Die Hauptverhandlung und das Urteil

Die Hauptverhandlung beginnt damit, dass festgestellt wird, ob alle Geladenen auch erschienen sind.
Falls der Angeklagte nicht erscheint, kann in bestimmten Fällen gegen ihn ein Strafbefehl erlassen werden.

Wenn das nicht möglich ist, muss der Angeklagte durch die Polizei zum nächsten Termin vorgeführt werden; bleibt das erfolglos, so kann ein Haftbefehl erlassen werden, um seine Anwesenheit zum neuen Termin zu sichern.

Anschließend verliest der Staatsanwalt die Anklageschrift, dann kann der Angeklagte sich dazu äußern. Eine Verpflichtung zu einer Äußerung besteht nicht. Schweigen darf dem Angeklagten nicht als Schuldeingeständnis ausgelegt werden.

Danach wird Beweis erhoben, meistens zunächst durch Befragung der Zeugen. Die Zeugen sollen möglichst eigenständig und unbeeinflusst berichten; bleiben dann noch Fragen offen, wird nachgefragt. Zunächst hat der Vorsitzende Richter das Fragerecht, dann die übrigen Richter (soweit vorhanden), anschließend der Staatsanwalt und schließlich der Verteidiger und der Angeklagte.

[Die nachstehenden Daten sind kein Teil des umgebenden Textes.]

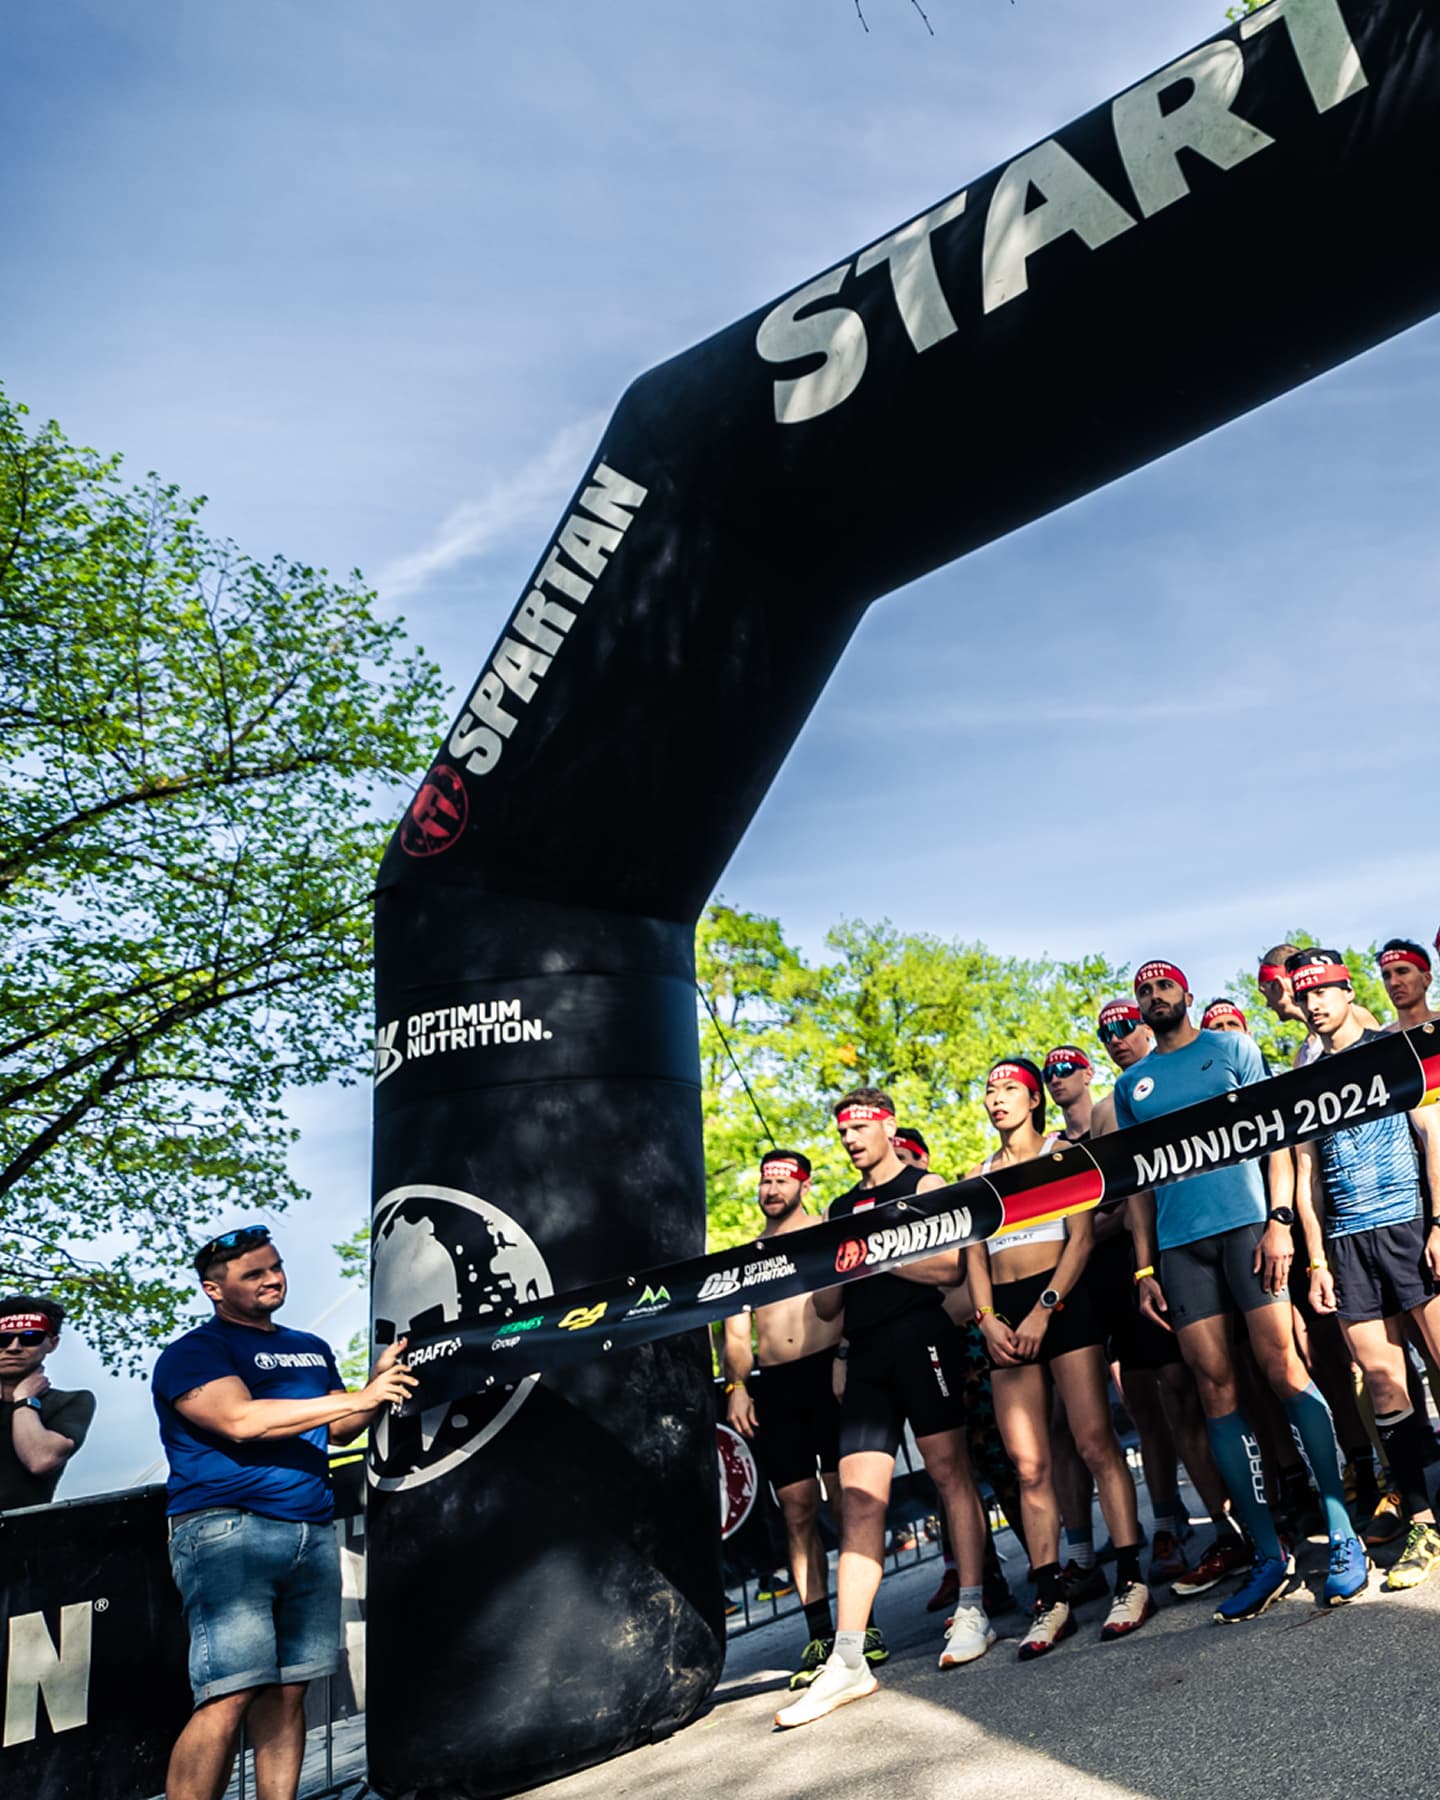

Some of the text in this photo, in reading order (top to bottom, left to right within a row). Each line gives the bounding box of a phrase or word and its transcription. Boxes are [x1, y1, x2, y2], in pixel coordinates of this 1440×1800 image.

Anders als im angelsächsischen Recht (und aus zahlreichen Filmen bekannt) ist der Richter nicht bloßer Schiedsrichter eines Kampfels zwischen Staatsanwalt und Verteidigung, sondern ist selbst verpflichtet, die zur Erforschung der Wahrheit notwendigen Beweise zu erheben.

Auch Staatsanwalt und Verteidigung können natürlich noch weitere Beweise vorlegen beziehungsweise deren Erhebung beantragen. Dieses so genannte Beweisantragsrecht ist sehr oft der Grund für eine lange Verhandlungsdauer, weil ein Beweisantrag nur unter sehr engen Voraussetzungen vom Gericht abgelehnt werden kann.

Nachdem die Beweisaufnahme abgeschlossen ist, erhalten die Beteiligten Gelegenheit zu den Schlussvorträgen. Zunächst plädiert der Staatsanwalt; es ist nicht ungewöhnlich, dass er einen Freispruch beantragt, wenn seiner Auffassung nach die Schuld des Angeklagten nicht hinreichend sicher festgestellt werden konnte. Ist er von der Schuld des Angeklagten überzeugt, so beantragt er eine bestimmte Strafe und begründet seinen Antrag.
Danach stellt die Verteidigung ihre Auffassung vom Ergebnis der Hauptverhandlung dar. Ein bestimmter Antrag muss von ihr nicht gestellt werden, allerdings geschieht das recht häufig.

Das letzte Wort hat immer der Angeklagte, der so die Gelegenheit erhalten soll, dem Gericht vor der Beratung über das Urteil noch vorzutragen, was ihm besonders wichtig erscheint.

Besteht das Gericht aus mehreren Richtern, so werden sich diese nach dem letzten Wort des Angeklagten zur Beratung zurückziehen. Die Beratung ist geheim und endet mit einer Abstimmung, bei der jeder Richter - auch die Laienrichter - gleiches Stimmrecht hat. Zur Verurteilung muss die jeweils erforderliche Mehrheit an Stimmen vorliegen. Liegt das Ergebnis fest, so formuliert der Vorsitzende den Urteilsausspruch (Tenor), der anschließend verkündet wird. Dem Tenor folgt eine mündliche Begründung und eine Rechtsmittelbelehrung.

Das vollständige schriftliche Urteil wird erst später niedergelegt.